The human papilloma virus (HPV) is the most common viral sexually transmitted infection. The formulation of appropriate recommendations for use of prophylactic HPV vaccines in Australia requires data on the pattern of HPV infection by age and Indigenous status and which is generalisable at the population level. This will be useful pre-vaccine rollout to ultimately measure the vaccine effectiveness, including the use of disease modelling to estimate likely vaccine impacts.

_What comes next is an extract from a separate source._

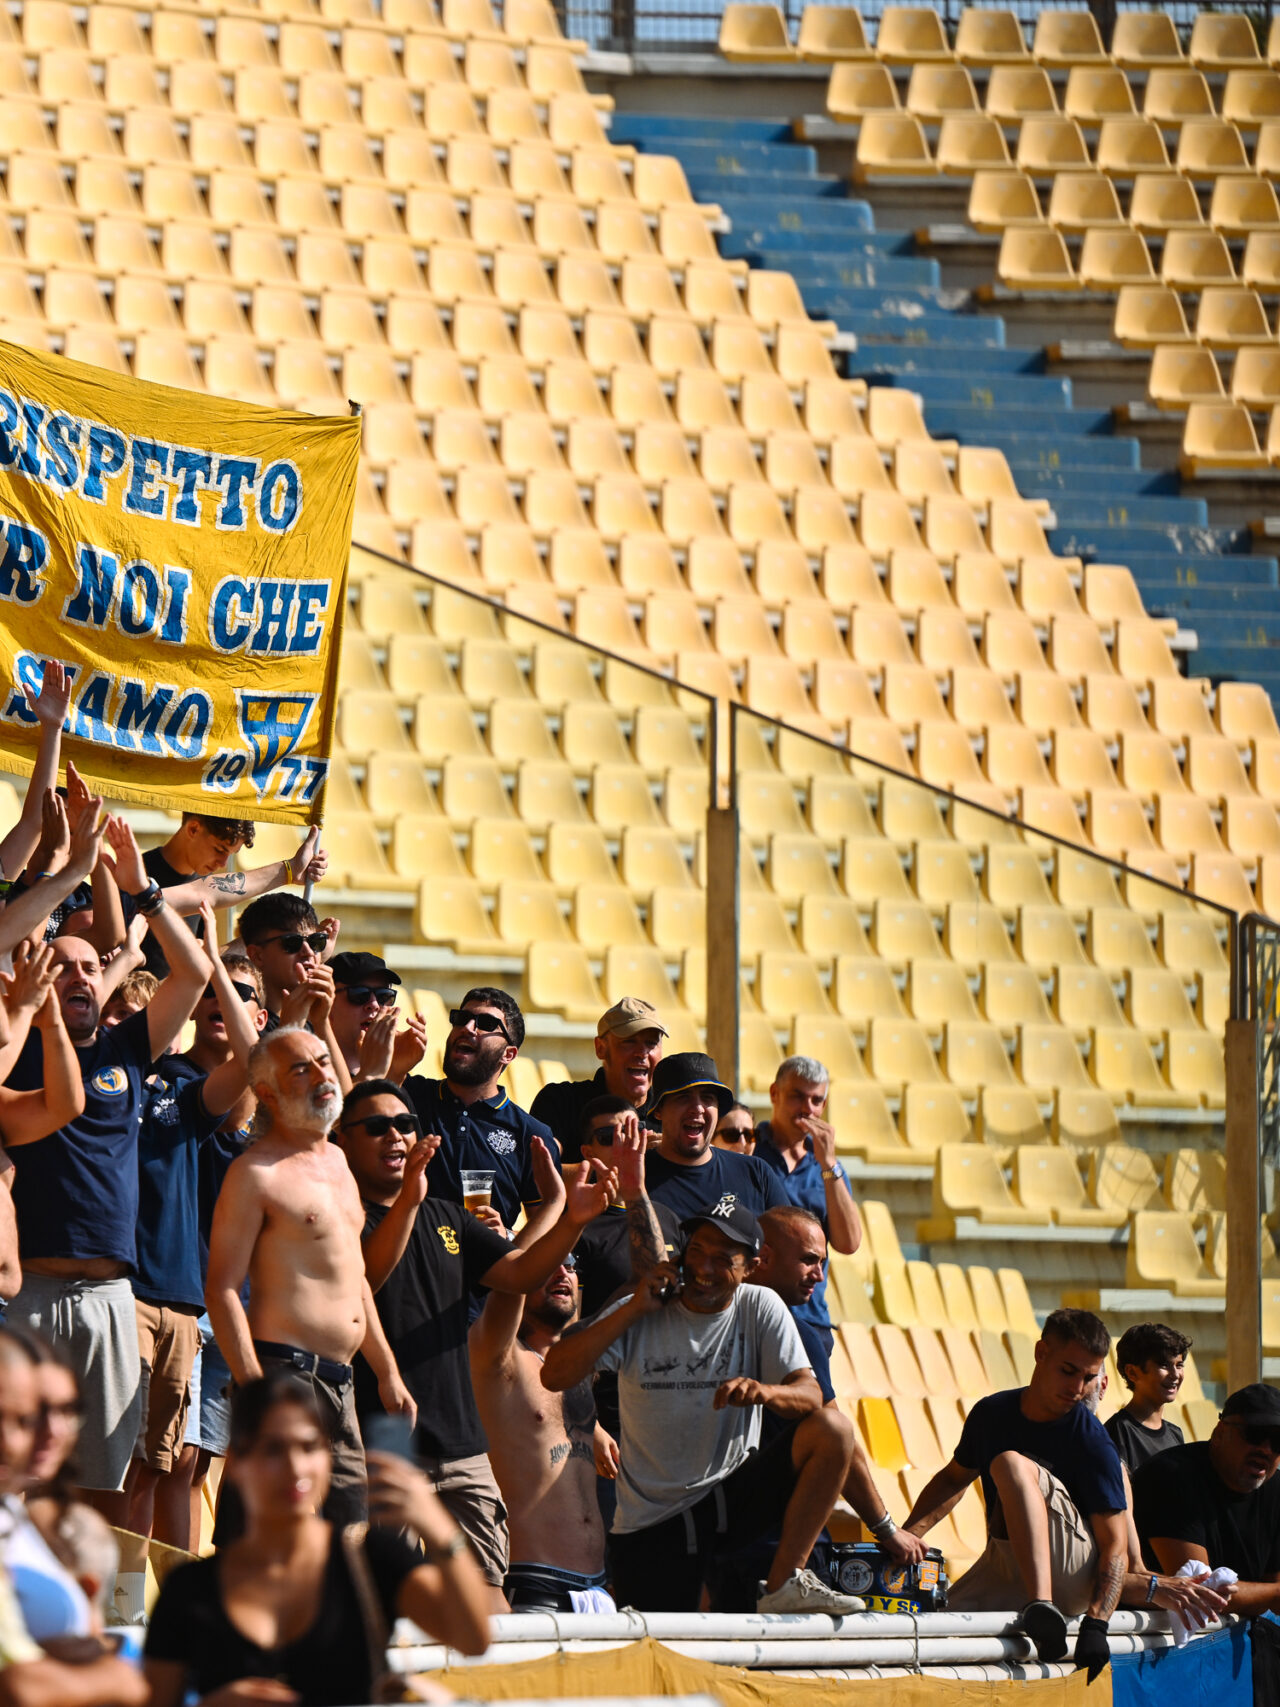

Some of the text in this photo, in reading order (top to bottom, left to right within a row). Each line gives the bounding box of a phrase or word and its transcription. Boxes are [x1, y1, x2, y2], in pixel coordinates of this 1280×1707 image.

[61, 543, 193, 647] NOI
[208, 575, 332, 656] CHE
[202, 748, 330, 804] 19 77
[865, 1596, 910, 1613] OYS

The pilot study focused on two communities, one remote Indigenous community and one urban Indigenous community, to test and refine information, training materials and data collection processes in consultation with primary health care staff and community members. Preliminary work was required to undertake further consultations with Aboriginal Medical Services and other Indigenous health organisations, to develop information materials to inform Indigenous women about HPV infection and the proposed research study, and to develop clinical guidelines for health care providers and for women who are found to have an HPV infection with a cancer-causing genotype.

There were several funding bodies (including the CRCAH) for this study to support the development of information materials and to support the Indigenous steering committee. The pilot study was the first-stage of a wider project that has sites in Queensland, Victoria, Western Australia, Northern Territory, New South Wales and Tasmania.

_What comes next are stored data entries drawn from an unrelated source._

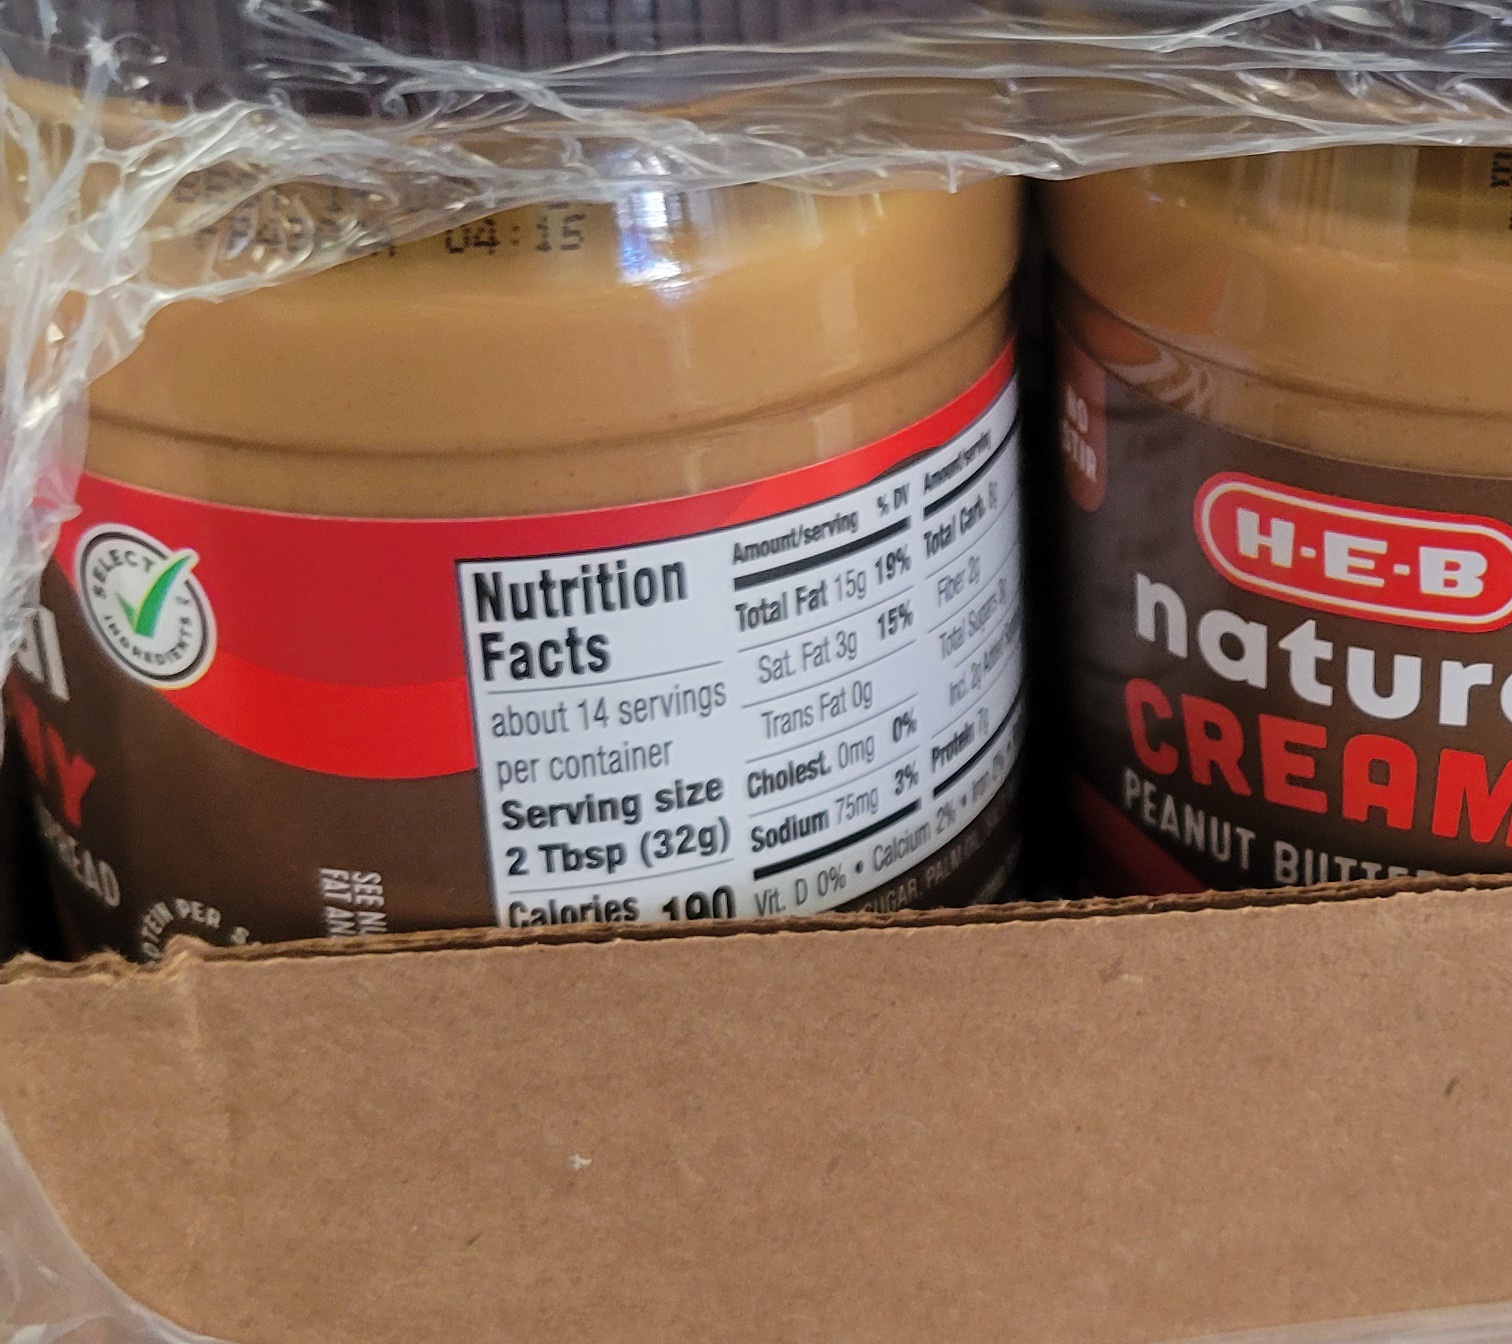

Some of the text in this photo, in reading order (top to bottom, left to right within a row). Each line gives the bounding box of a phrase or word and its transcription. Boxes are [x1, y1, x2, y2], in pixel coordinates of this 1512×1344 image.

[733, 511, 860, 565] Amount/serving
[924, 514, 957, 560] Total
[93, 548, 155, 600] SELECT
[474, 559, 689, 623] Nutrition
[735, 544, 912, 633] Total Fat 15g 19%
[480, 626, 611, 682] Facts
[758, 599, 915, 684] Sat. Fat 3g 15%
[491, 681, 728, 738] about 14 servings
[761, 679, 873, 740] Trans Fat 0g
[497, 740, 674, 793] per container
[746, 707, 918, 799] Cholest. 0mg 0%
[501, 776, 725, 831] Serving size
[751, 760, 920, 853] Sodium 75mg 3%
[1121, 765, 1257, 871] PEANUT
[505, 815, 732, 877] 2 Tbsp (32g)
[754, 887, 787, 918] Vit.
[794, 877, 808, 906] D
[817, 863, 847, 898] 0%
[872, 821, 932, 872] Calcium
[174, 897, 222, 929] PER
[319, 867, 357, 939] FAT AN
[350, 870, 386, 907] SEE
[508, 894, 640, 929] Calories

Summary of projected outcomes

Results of this pilot study were used in modeling of the vaccination impact of HPV vaccines in the Australian population. Information obtained was useful in estimating the likely impact of vaccination against HPV infection in Australia, especially those at high risk of cervical cancer (ICC). In the longer term, the study will provide essential baseline information on types of HPV affecting Australian women over time, important in evaluating the impact of a vaccination program.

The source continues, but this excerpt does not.